(Problem details):
Without including any picture, transcribe the entries below word for word.

(Records for the exercise):

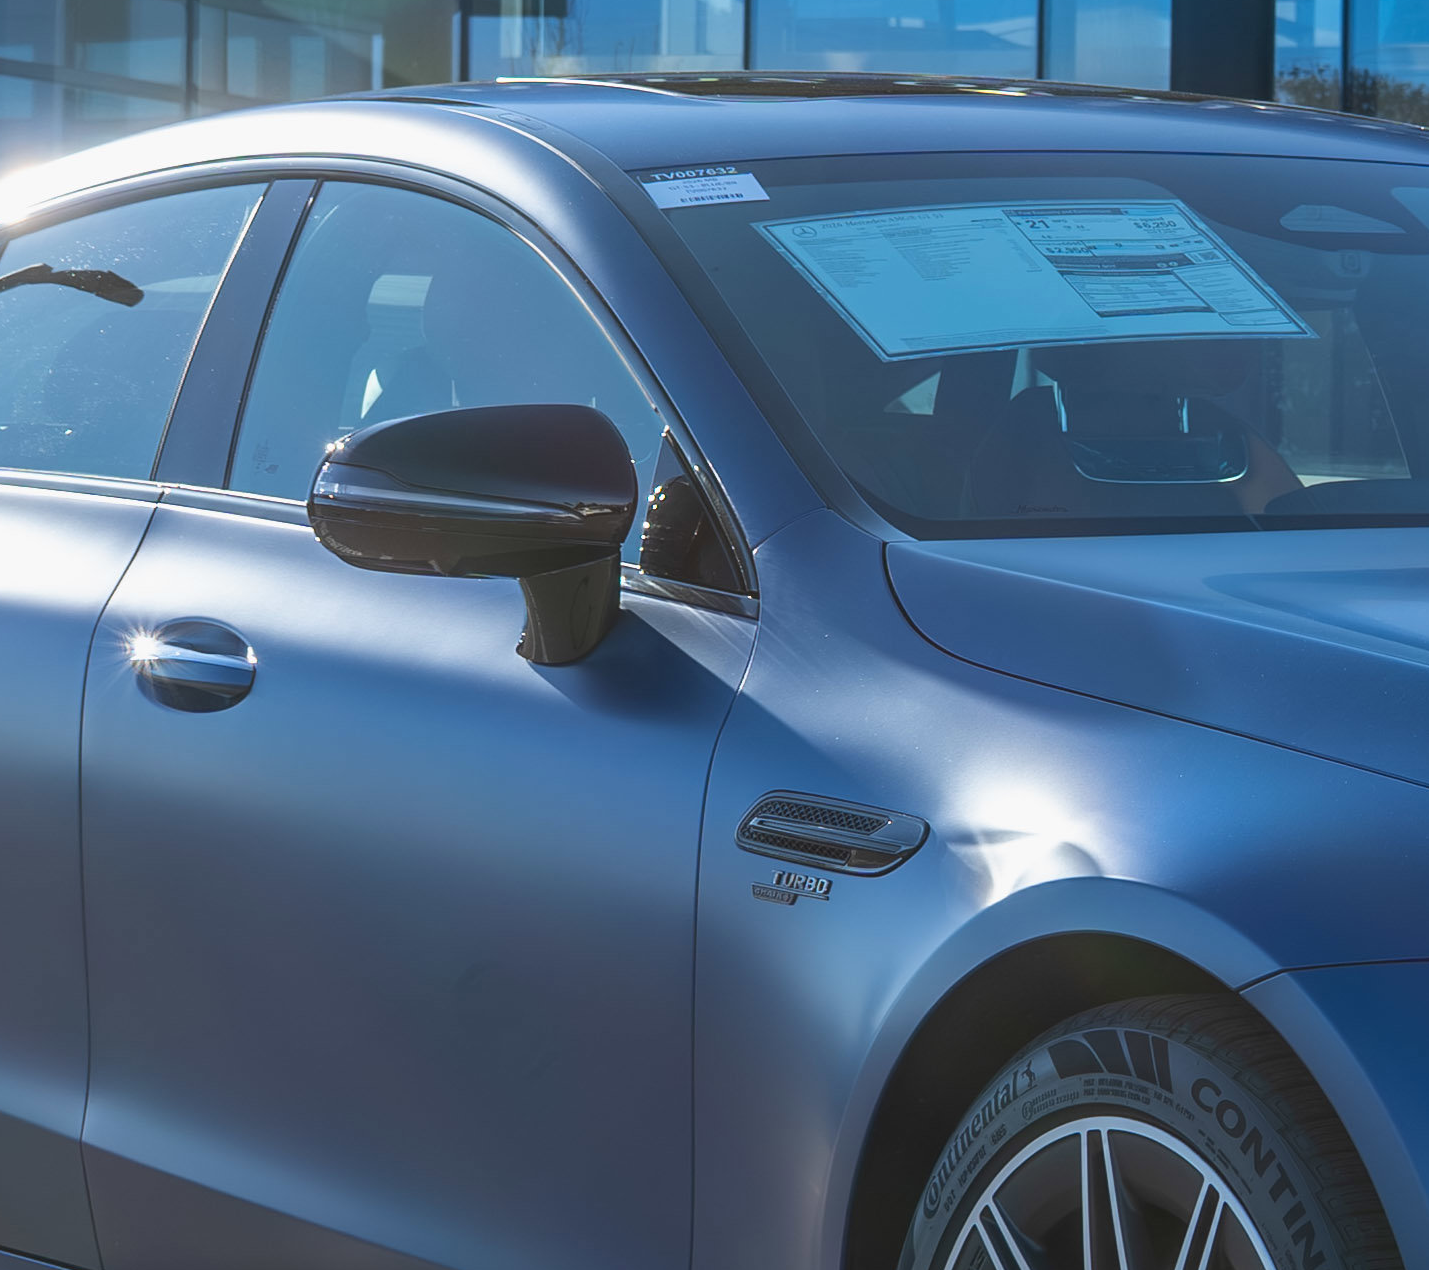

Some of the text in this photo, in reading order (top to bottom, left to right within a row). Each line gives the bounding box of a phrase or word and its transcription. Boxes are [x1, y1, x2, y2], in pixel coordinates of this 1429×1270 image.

[650, 166, 738, 181] TV007632
[1025, 219, 1051, 229] 21
[1133, 220, 1177, 230] $6,250
[771, 869, 831, 895] TURBO
[923, 1069, 1021, 1220] Continental
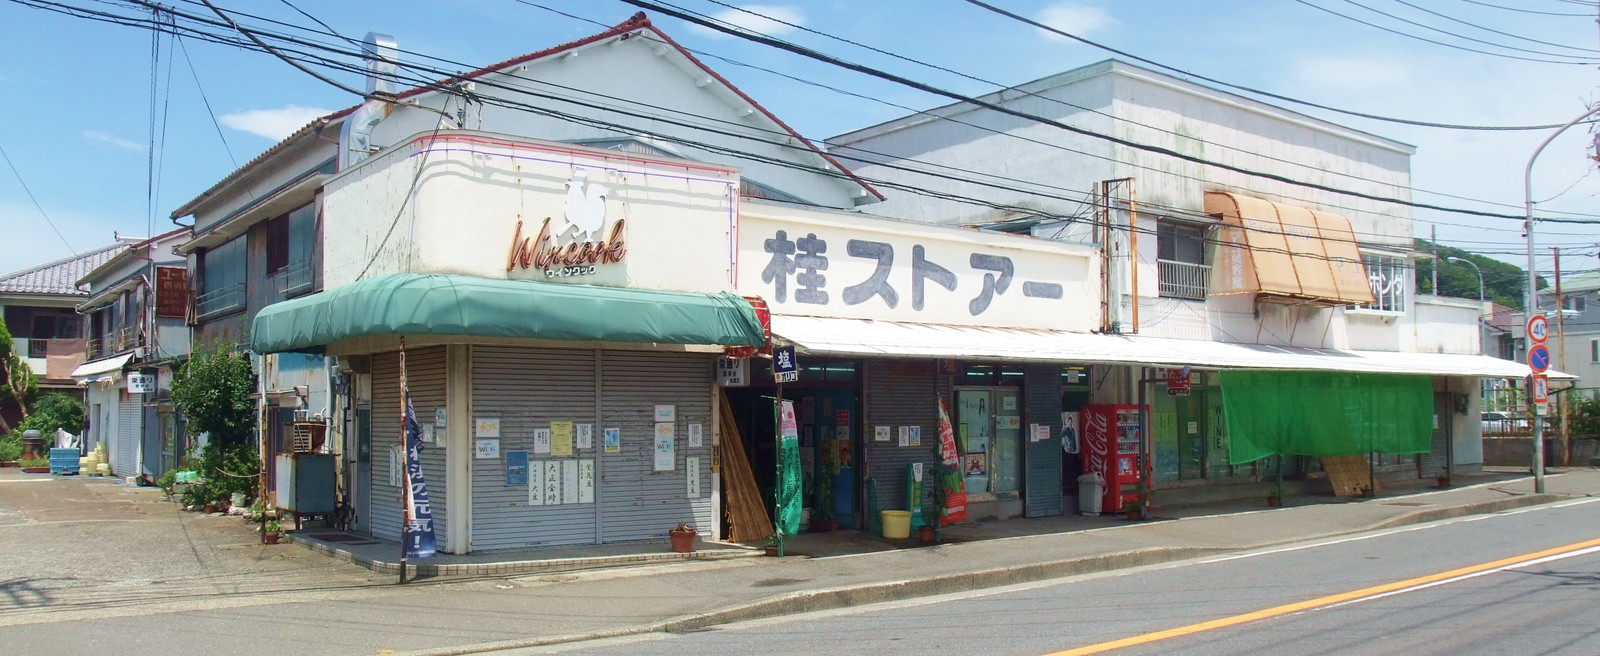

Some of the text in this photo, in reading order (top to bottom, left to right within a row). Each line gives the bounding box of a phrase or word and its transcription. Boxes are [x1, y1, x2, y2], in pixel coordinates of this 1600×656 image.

[507, 217, 626, 272] Wincook
[546, 265, 597, 279] ウインクック
[761, 230, 1064, 316] 桂ストアー
[1369, 270, 1404, 296] ホンダ
[1533, 323, 1545, 336] 40
[777, 349, 793, 369] 塩
[781, 371, 797, 382] オリコ
[1214, 404, 1223, 449] WINE
[547, 464, 557, 502] 大正金時

(Your solution):
Some of the text in this photo, in reading order (top to bottom, left to right within a row). Each line gives the bounding box of a phrase or word and its transcription. Boxes are [x1, y1, x2, y2], in pixel coordinates of this 1429×1270 image.

[650, 166, 738, 181] TV007632
[1025, 219, 1051, 229] 21
[1133, 220, 1177, 230] $6,250
[771, 869, 831, 895] TURBO
[923, 1069, 1021, 1220] Continental

Some of the text in this photo, in reading order (top to bottom, left to right within a row). Each line gives the bounding box of a phrase or word and its transcription. Boxes are [x1, y1, x2, y2], in pixel coordinates of this 1600×656 image.

[507, 217, 626, 272] Wincook
[546, 265, 597, 279] ウインクック
[761, 230, 1064, 316] 桂ストアー
[1369, 270, 1404, 296] ホンダ
[1533, 323, 1545, 336] 40
[777, 349, 793, 369] 塩
[781, 371, 797, 382] オリコ
[1214, 404, 1223, 449] WINE
[547, 464, 557, 502] 大正金時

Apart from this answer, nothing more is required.